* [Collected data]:
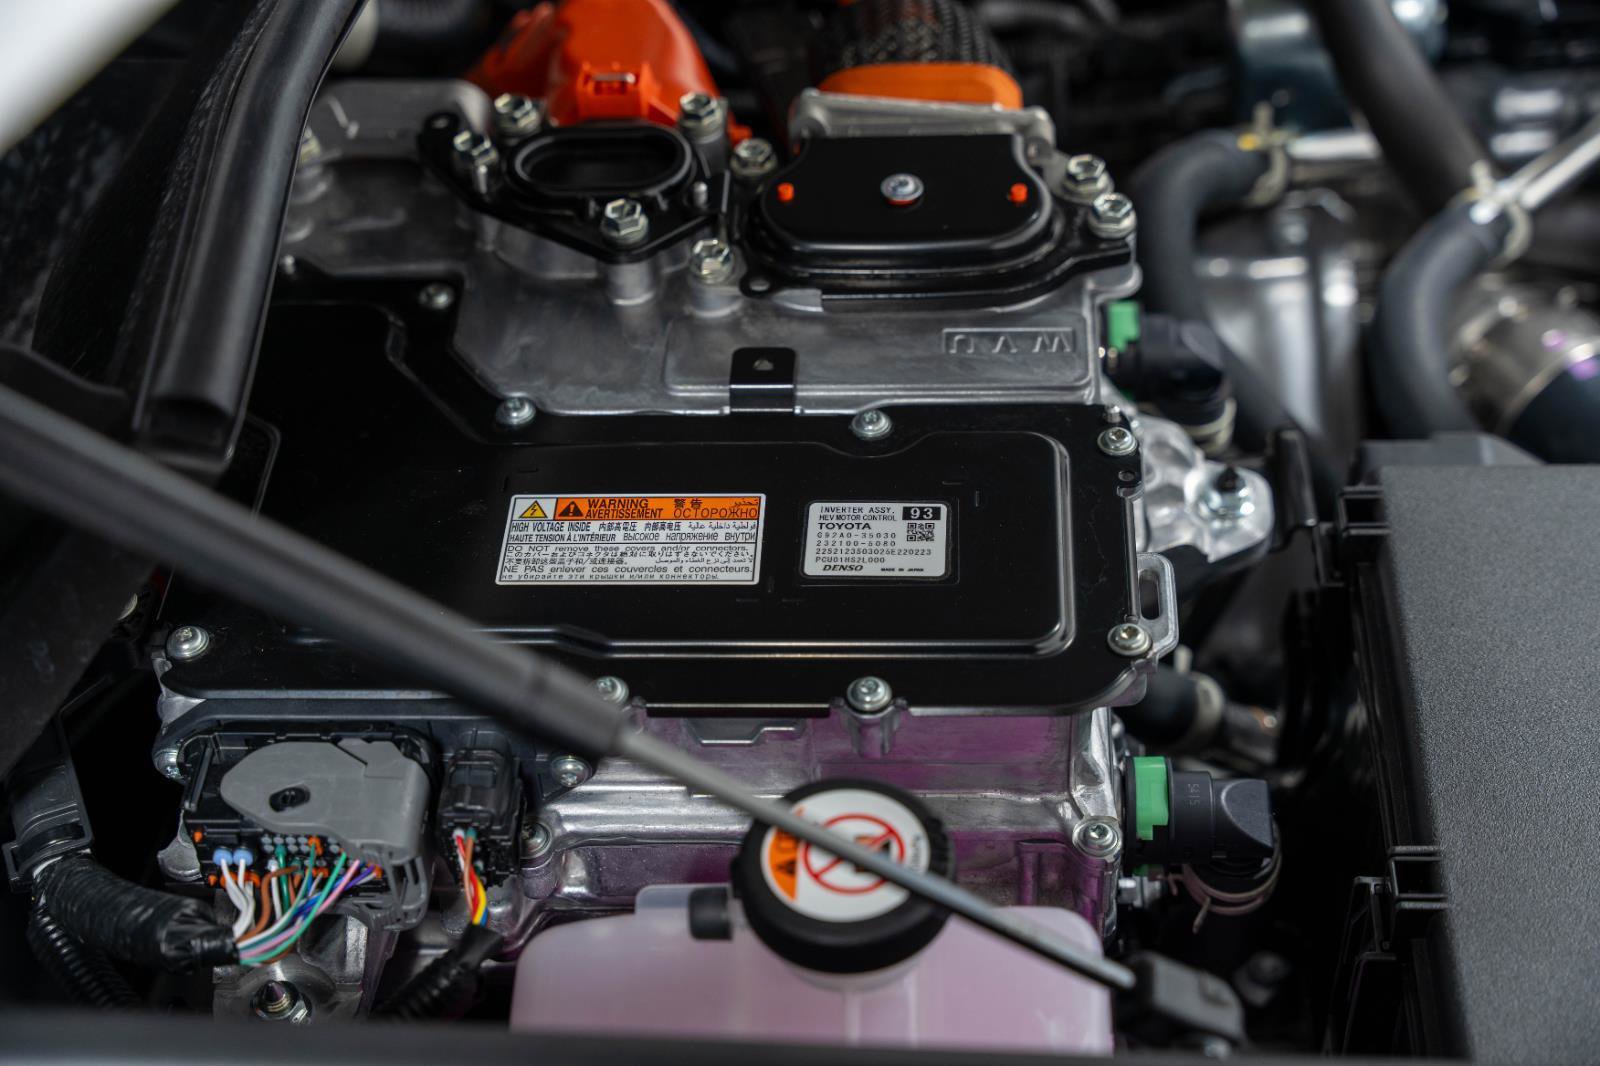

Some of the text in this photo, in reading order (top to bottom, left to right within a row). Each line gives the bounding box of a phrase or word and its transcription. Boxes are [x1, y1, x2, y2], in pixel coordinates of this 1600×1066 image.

[588, 499, 649, 508] WARNING
[585, 508, 663, 519] AVERTISSEMENT
[674, 508, 757, 518] ОСТОРОЖНО
[910, 508, 933, 519] 93
[511, 522, 591, 532] HIGH VOLTAGE INSIDE
[509, 534, 533, 542] HAUTE
[535, 534, 565, 542] TENSION
[573, 532, 616, 541] L'INTÉRIEUR
[666, 533, 718, 541] напряжение
[725, 532, 756, 542] внутри

* [What is being asked]:
All records above must be copied exactly, though the pictures they hold are to be left out.

* [Exercise response]:
Some of the text in this photo, in reading order (top to bottom, left to right within a row). Each line gives the bounding box of a phrase or word and its transcription. Boxes are [x1, y1, x2, y2], in pixel coordinates of this 1600×1066 image.

[588, 499, 649, 508] WARNING
[585, 508, 663, 519] AVERTISSEMENT
[674, 508, 757, 518] ОСТОРОЖНО
[910, 508, 933, 519] 93
[511, 522, 591, 532] HIGH VOLTAGE INSIDE
[509, 534, 533, 542] HAUTE
[535, 534, 565, 542] TENSION
[573, 532, 616, 541] L'INTÉRIEUR
[666, 533, 718, 541] напряжение
[725, 532, 756, 542] внутри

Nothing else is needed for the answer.